DIRECTIONS FOR THIS TASK => Retype all of the data shown below, keeping every character the same.

INPUT =>

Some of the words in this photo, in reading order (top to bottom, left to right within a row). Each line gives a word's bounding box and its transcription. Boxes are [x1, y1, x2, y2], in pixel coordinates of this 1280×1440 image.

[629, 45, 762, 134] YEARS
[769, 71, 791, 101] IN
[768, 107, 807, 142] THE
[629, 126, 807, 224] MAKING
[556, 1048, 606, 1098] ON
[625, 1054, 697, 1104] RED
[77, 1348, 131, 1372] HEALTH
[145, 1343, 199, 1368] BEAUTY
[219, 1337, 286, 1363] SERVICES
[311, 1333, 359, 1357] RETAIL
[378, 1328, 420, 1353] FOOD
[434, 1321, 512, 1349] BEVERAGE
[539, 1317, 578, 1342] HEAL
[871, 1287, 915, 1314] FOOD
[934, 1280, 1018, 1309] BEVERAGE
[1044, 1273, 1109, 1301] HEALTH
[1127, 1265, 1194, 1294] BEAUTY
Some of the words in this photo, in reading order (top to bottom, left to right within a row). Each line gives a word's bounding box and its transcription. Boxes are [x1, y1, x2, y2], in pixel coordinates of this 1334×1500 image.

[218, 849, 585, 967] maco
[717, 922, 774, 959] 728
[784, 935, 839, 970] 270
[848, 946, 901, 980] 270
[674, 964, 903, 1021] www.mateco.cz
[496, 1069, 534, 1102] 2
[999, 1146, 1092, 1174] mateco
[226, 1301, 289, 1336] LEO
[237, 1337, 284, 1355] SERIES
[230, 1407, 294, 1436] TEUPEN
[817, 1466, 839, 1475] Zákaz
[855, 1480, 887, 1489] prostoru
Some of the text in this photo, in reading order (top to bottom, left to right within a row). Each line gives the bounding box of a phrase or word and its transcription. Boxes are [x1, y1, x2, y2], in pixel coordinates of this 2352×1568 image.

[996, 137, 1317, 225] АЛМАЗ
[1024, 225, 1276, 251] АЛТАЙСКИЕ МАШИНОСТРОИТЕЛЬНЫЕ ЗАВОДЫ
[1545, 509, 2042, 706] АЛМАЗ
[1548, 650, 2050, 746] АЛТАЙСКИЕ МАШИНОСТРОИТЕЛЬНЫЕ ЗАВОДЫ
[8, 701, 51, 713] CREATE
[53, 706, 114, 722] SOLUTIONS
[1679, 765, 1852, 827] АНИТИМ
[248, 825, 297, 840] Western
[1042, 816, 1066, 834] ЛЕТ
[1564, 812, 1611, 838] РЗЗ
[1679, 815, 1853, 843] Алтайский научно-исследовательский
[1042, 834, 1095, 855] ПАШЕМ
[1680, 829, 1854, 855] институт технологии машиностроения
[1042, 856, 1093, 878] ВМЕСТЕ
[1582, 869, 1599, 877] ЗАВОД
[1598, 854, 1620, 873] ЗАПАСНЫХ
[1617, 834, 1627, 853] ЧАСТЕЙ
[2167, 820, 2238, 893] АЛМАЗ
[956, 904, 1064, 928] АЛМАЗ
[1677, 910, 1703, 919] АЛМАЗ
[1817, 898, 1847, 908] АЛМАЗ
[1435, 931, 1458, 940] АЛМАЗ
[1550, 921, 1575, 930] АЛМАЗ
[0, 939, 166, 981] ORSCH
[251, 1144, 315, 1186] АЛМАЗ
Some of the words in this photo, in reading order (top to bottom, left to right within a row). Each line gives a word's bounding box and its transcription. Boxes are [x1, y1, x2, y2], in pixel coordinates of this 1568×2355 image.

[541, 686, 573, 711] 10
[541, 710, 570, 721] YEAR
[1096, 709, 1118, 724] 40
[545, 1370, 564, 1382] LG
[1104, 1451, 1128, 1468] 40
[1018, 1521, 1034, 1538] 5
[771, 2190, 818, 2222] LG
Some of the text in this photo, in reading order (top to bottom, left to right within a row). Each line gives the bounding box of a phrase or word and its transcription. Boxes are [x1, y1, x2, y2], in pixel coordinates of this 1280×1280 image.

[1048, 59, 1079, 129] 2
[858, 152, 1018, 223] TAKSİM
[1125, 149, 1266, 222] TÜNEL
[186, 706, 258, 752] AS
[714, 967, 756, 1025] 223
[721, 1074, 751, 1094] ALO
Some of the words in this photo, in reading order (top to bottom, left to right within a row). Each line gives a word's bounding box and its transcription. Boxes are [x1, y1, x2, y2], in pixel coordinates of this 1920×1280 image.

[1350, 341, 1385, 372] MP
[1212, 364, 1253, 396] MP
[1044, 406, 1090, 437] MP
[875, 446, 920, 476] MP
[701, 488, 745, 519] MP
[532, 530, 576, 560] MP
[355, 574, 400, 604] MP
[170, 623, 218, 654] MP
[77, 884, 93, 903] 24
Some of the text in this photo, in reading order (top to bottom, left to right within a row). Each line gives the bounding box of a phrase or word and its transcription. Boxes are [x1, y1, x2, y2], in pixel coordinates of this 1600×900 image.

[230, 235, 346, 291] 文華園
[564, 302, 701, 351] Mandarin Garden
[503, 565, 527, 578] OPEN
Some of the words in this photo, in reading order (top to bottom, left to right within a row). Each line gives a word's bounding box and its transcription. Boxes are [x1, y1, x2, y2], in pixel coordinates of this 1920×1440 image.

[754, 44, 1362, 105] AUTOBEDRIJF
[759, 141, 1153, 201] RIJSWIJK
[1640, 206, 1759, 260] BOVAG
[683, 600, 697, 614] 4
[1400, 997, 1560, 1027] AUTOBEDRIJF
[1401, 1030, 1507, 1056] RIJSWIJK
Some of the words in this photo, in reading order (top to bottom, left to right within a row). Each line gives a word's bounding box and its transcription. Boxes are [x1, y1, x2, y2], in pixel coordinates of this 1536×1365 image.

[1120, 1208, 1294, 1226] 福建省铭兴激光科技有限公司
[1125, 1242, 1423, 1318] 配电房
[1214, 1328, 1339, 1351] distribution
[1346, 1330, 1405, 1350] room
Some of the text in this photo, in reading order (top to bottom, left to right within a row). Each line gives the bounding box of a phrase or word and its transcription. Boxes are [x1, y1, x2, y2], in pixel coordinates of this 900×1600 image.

ANSWER BOX =>
Some of the words in this photo, in reading order (top to bottom, left to right within a row). Each line gives a word's bounding box and its transcription. Boxes are [x1, y1, x2, y2], in pixel coordinates of this 1280×1440 image.

[629, 45, 762, 134] YEARS
[769, 71, 791, 101] IN
[768, 107, 807, 142] THE
[629, 126, 807, 224] MAKING
[556, 1048, 606, 1098] ON
[625, 1054, 697, 1104] RED
[77, 1348, 131, 1372] HEALTH
[145, 1343, 199, 1368] BEAUTY
[219, 1337, 286, 1363] SERVICES
[311, 1333, 359, 1357] RETAIL
[378, 1328, 420, 1353] FOOD
[434, 1321, 512, 1349] BEVERAGE
[539, 1317, 578, 1342] HEAL
[871, 1287, 915, 1314] FOOD
[934, 1280, 1018, 1309] BEVERAGE
[1044, 1273, 1109, 1301] HEALTH
[1127, 1265, 1194, 1294] BEAUTY
Some of the words in this photo, in reading order (top to bottom, left to right within a row). Each line gives a word's bounding box and its transcription. Boxes are [x1, y1, x2, y2], in pixel coordinates of this 1334×1500 image.

[218, 849, 585, 967] maco
[717, 922, 774, 959] 728
[784, 935, 839, 970] 270
[848, 946, 901, 980] 270
[674, 964, 903, 1021] www.mateco.cz
[496, 1069, 534, 1102] 2
[999, 1146, 1092, 1174] mateco
[226, 1301, 289, 1336] LEO
[237, 1337, 284, 1355] SERIES
[230, 1407, 294, 1436] TEUPEN
[817, 1466, 839, 1475] Zákaz
[855, 1480, 887, 1489] prostoru
Some of the text in this photo, in reading order (top to bottom, left to right within a row). Each line gives the bounding box of a phrase or word and its transcription. Boxes are [x1, y1, x2, y2], in pixel coordinates of this 2352×1568 image.

[996, 137, 1317, 225] АЛМАЗ
[1024, 225, 1276, 251] АЛТАЙСКИЕ МАШИНОСТРОИТЕЛЬНЫЕ ЗАВОДЫ
[1545, 509, 2042, 706] АЛМАЗ
[1548, 650, 2050, 746] АЛТАЙСКИЕ МАШИНОСТРОИТЕЛЬНЫЕ ЗАВОДЫ
[8, 701, 51, 713] CREATE
[53, 706, 114, 722] SOLUTIONS
[1679, 765, 1852, 827] АНИТИМ
[248, 825, 297, 840] Western
[1042, 816, 1066, 834] ЛЕТ
[1564, 812, 1611, 838] РЗЗ
[1679, 815, 1853, 843] Алтайский научно-исследовательский
[1042, 834, 1095, 855] ПАШЕМ
[1680, 829, 1854, 855] институт технологии машиностроения
[1042, 856, 1093, 878] ВМЕСТЕ
[1582, 869, 1599, 877] ЗАВОД
[1598, 854, 1620, 873] ЗАПАСНЫХ
[1617, 834, 1627, 853] ЧАСТЕЙ
[2167, 820, 2238, 893] АЛМАЗ
[956, 904, 1064, 928] АЛМАЗ
[1677, 910, 1703, 919] АЛМАЗ
[1817, 898, 1847, 908] АЛМАЗ
[1435, 931, 1458, 940] АЛМАЗ
[1550, 921, 1575, 930] АЛМАЗ
[0, 939, 166, 981] ORSCH
[251, 1144, 315, 1186] АЛМАЗ
Some of the words in this photo, in reading order (top to bottom, left to right within a row). Each line gives a word's bounding box and its transcription. Boxes are [x1, y1, x2, y2], in pixel coordinates of this 1568×2355 image.

[541, 686, 573, 711] 10
[541, 710, 570, 721] YEAR
[1096, 709, 1118, 724] 40
[545, 1370, 564, 1382] LG
[1104, 1451, 1128, 1468] 40
[1018, 1521, 1034, 1538] 5
[771, 2190, 818, 2222] LG
Some of the text in this photo, in reading order (top to bottom, left to right within a row). Each line gives the bounding box of a phrase or word and its transcription. Boxes are [x1, y1, x2, y2], in pixel coordinates of this 1280×1280 image.

[1048, 59, 1079, 129] 2
[858, 152, 1018, 223] TAKSİM
[1125, 149, 1266, 222] TÜNEL
[186, 706, 258, 752] AS
[714, 967, 756, 1025] 223
[721, 1074, 751, 1094] ALO
Some of the words in this photo, in reading order (top to bottom, left to right within a row). Each line gives a word's bounding box and its transcription. Boxes are [x1, y1, x2, y2], in pixel coordinates of this 1920×1280 image.

[1350, 341, 1385, 372] MP
[1212, 364, 1253, 396] MP
[1044, 406, 1090, 437] MP
[875, 446, 920, 476] MP
[701, 488, 745, 519] MP
[532, 530, 576, 560] MP
[355, 574, 400, 604] MP
[170, 623, 218, 654] MP
[77, 884, 93, 903] 24
Some of the text in this photo, in reading order (top to bottom, left to right within a row). Each line gives the bounding box of a phrase or word and its transcription. Boxes are [x1, y1, x2, y2], in pixel coordinates of this 1600×900 image.

[230, 235, 346, 291] 文華園
[564, 302, 701, 351] Mandarin Garden
[503, 565, 527, 578] OPEN
Some of the words in this photo, in reading order (top to bottom, left to right within a row). Each line gives a word's bounding box and its transcription. Boxes are [x1, y1, x2, y2], in pixel coordinates of this 1920×1440 image.

[754, 44, 1362, 105] AUTOBEDRIJF
[759, 141, 1153, 201] RIJSWIJK
[1640, 206, 1759, 260] BOVAG
[683, 600, 697, 614] 4
[1400, 997, 1560, 1027] AUTOBEDRIJF
[1401, 1030, 1507, 1056] RIJSWIJK
Some of the words in this photo, in reading order (top to bottom, left to right within a row). Each line gives a word's bounding box and its transcription. Boxes are [x1, y1, x2, y2], in pixel coordinates of this 1536×1365 image.

[1120, 1208, 1294, 1226] 福建省铭兴激光科技有限公司
[1125, 1242, 1423, 1318] 配电房
[1214, 1328, 1339, 1351] distribution
[1346, 1330, 1405, 1350] room
Some of the text in this photo, in reading order (top to bottom, left to right within a row). Each line gives the bounding box of a phrase or word and its transcription. Boxes are [x1, y1, x2, y2], in pixel coordinates of this 900×1600 image.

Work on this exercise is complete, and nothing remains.